Homesteading Challenges

Maybe it is just my personal experience and there are none others that have gone through this. Zach with An American Homestead on Youtube referred to the first 3 to 5 years as just Survival Mode, which really resonates with me. I think it depends on your personal situation, of course. I have twins that were babies when we moved to our land, and a 7 year old. We homeschool and cook from scratch, so all of those things factor into making things more challenging. You’re just juggling a lot of balls with our situation. This past year in particular we made a lot of mistakes but we’ve learned a lot.

Many people have physical limitations, health issues, or tight finances which can make things just as hard as it has been for us (if not more so!).

Farm Equipment

We started off with no equipment (tractor, brush cutters, skidsteer, four-wheeler, etc). We just had a chainsaw and an electric hedge trimmer. It was very tough to get anything done, and we are remote, so we couldn’t rent equipment.

We had to clear 12,000 feet of extremely thick brush (up over a person’s head) to put up a new 9 wire electric fence to keep out bears, deer, wolves, and cougars. The largest Grizzly bears in the world and 500lb black bears regularly walk through our area. We started small and just put a fence around our house (using a tulip bulb auger for 2″ posts!), then in year two we tackled the 12,000 feet. Overall we cleared around 100,000 fq ft of brush for the fence (we measured our property on Googlemaps). It was still hard, felt hopeless at times, and took a lot out of us. But we accomplished it, so the victory was pretty sweet. If we had chosen to hire someone, the cost would have been astronomical.”

We did end up buying an old 1967 tractor, which had a new engine and many other replaced parts. That is now our mower, snow plow, and all-purpose machine. We steered away from buying an expensive fancy tractor, as we don’t like to have debt of any kind. My favorite tools are our brush cutter (made by Stihl) and weed wacker, now that we’ve cleared small trees and thick brush. We have 20 acres, so anyone with less land will find it easier to get by without lots of equipment. Most homesteaders with our acreage would have bought a $15k 4-wheeler and a $30k skidsteer or tractor, but we choose to live cheaper and not have a debt hanging over our heads.

DIY Challenges

We have consciously chosen to do many things ourselves, from figuring out how an electric fence works, experimenting with how many wires would work to keep predators out, and of course, doing the dirty work of clearing brush and digging holes. We also do our own plumbing and construction on our home. Our situation is pretty unique, we live 6 hours away from a medium sized city. I think most new homesteaders pick a location near a big city, which is really wise for anyone who thinks they might need help and assistance with building projects or fencing.

However, I still think that DIY is smart, within a person’s capabilities. We build our own bed frames, kitchen countertops, tables, make our own bread and yogurt, and are always coming up with ways to reuse items in our house.
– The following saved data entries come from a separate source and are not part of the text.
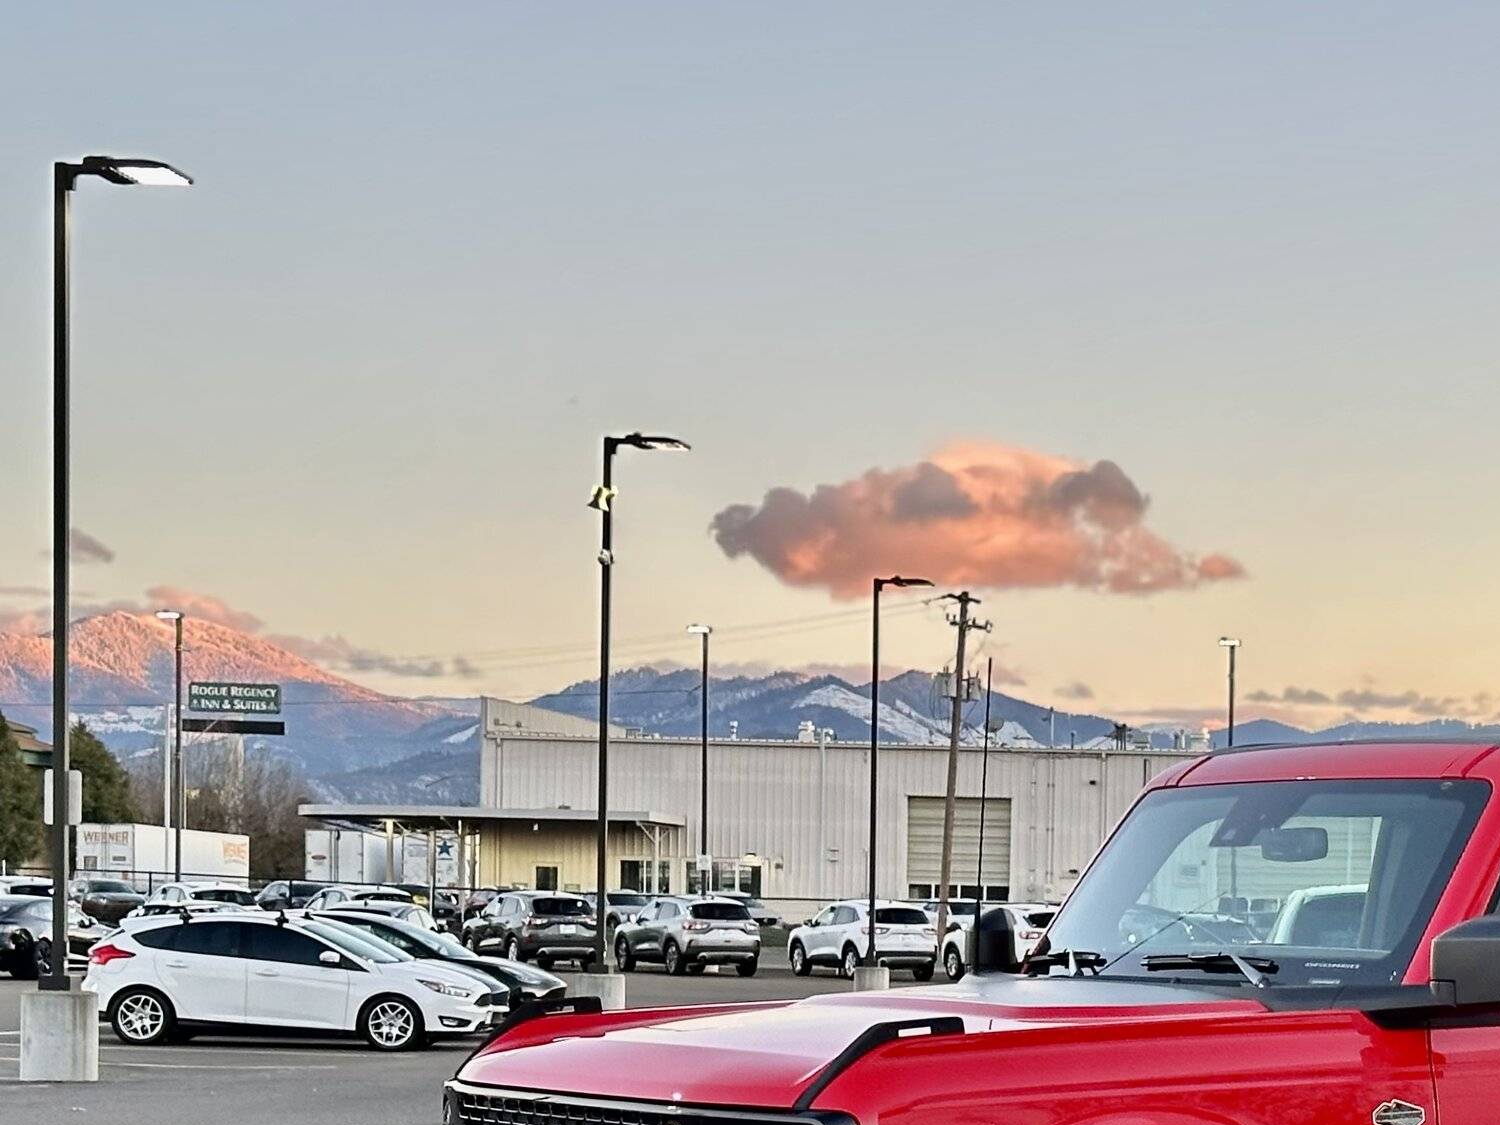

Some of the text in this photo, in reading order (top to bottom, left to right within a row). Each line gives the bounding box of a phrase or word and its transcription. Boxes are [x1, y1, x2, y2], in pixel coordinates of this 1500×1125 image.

[191, 685, 277, 698] ROGUE REGENCY
[201, 699, 267, 711] INN & SUITES
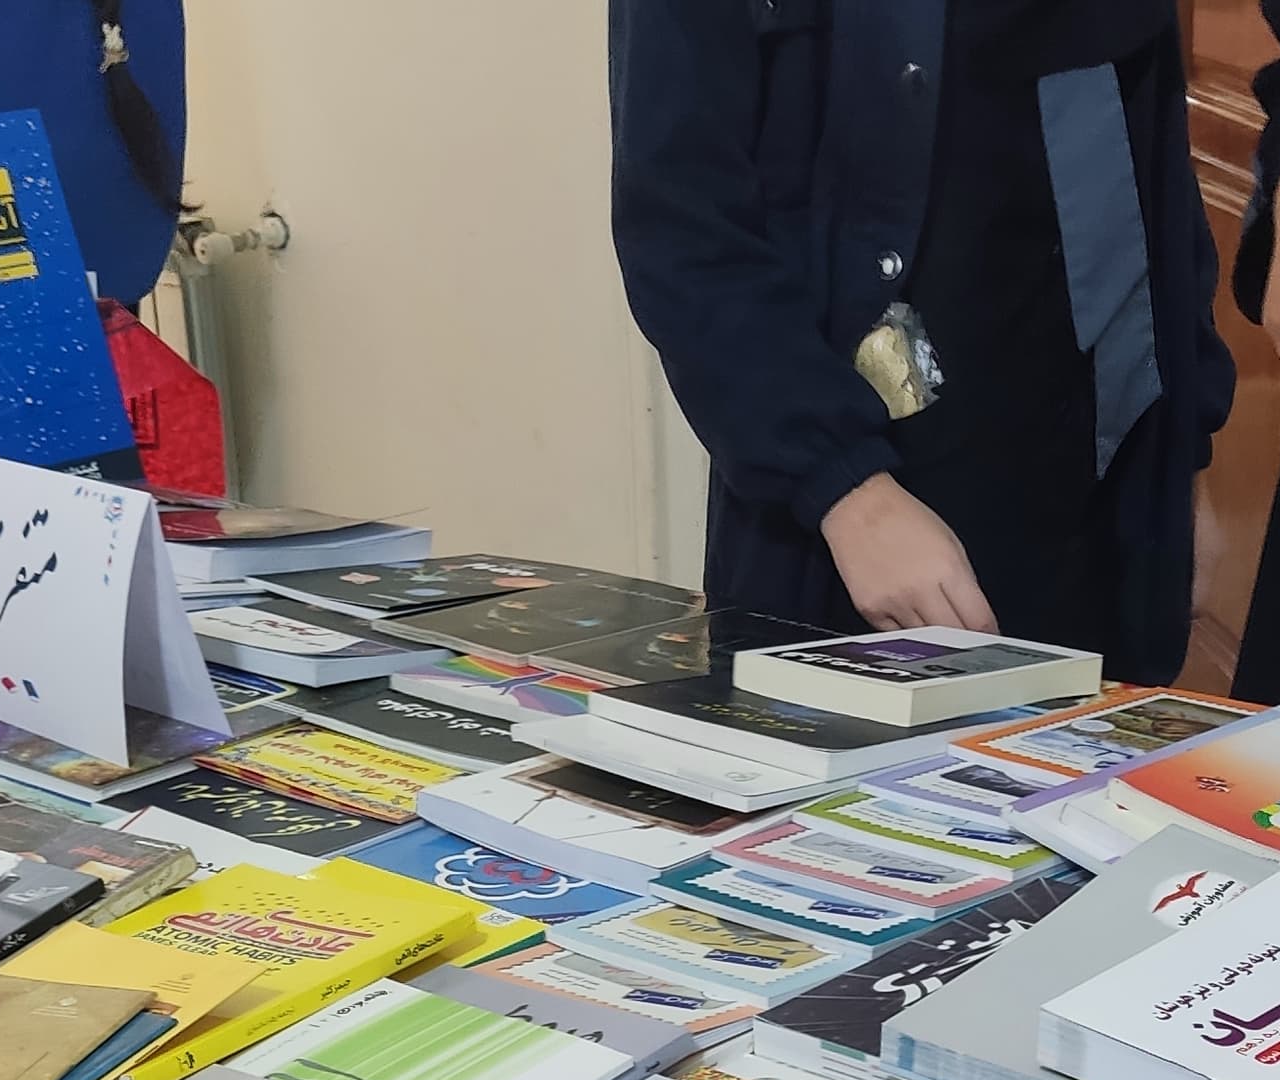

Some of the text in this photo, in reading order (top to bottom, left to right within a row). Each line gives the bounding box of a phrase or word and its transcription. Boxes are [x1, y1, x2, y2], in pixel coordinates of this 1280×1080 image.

[147, 924, 305, 966] ATOMIC HABITS
[1153, 971, 1208, 1021] تیزهوشان
[1218, 961, 1253, 991] دولتی
Yogurt containers become mixing bowls, pots for plants, and toy boxes. Coffee cans are always reused (and fought over!), as are salad clamshells (when we’re not growing our own lettuce outdoors). My handy husband is planning on building our own sawmill, solar dehydrator, and poly tunnels this spring!

Is Homesteading Still Fun?

Maybe you think I’ve soured on homesteading? Far from it. I love the wide open spaces, the freedom to tackle whatever farm project suits my fancy, the absence of close neighbors, and the wild and free life for my children.
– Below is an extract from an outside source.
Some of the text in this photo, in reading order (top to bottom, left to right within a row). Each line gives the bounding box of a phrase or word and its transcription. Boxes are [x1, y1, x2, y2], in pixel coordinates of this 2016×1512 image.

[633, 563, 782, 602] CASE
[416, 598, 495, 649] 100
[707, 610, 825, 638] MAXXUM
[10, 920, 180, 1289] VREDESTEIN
Nothing beats eating food you’ve grown yourself, or putting in a sweaty day at “the office.”

Thrifty and Uncertain Times

These are volatile and uncertain times. I believe that we are far from entering a better year with 2021. Financially everyone will be hit. We all need to tighten our belts and forgo financing  and debt. It’s time to buy very cheaply or do things yourself. Stop yourself from wanting to hire someone to fix a problem. Push yourself to learn new skills. Those with pensions coming in every month may see their payments cease at some point soon. Maybe we can all go without that $50k kitchen remodel or over-buying on tree seedlings. We focused on having the basic tools for getting one or two major projects done per year.

If you are remote, there are difficulties with getting deals. Shipping is more expensive, local stores charge more because of extra transport costs, and some online shops don’t even ship to remote locations (like Amazon). We’ve had to learn by trial and error. We also tried to trade with locals for used equipment or parts for broken machinery (although we still haven’t succeeded with that – just too small of a population).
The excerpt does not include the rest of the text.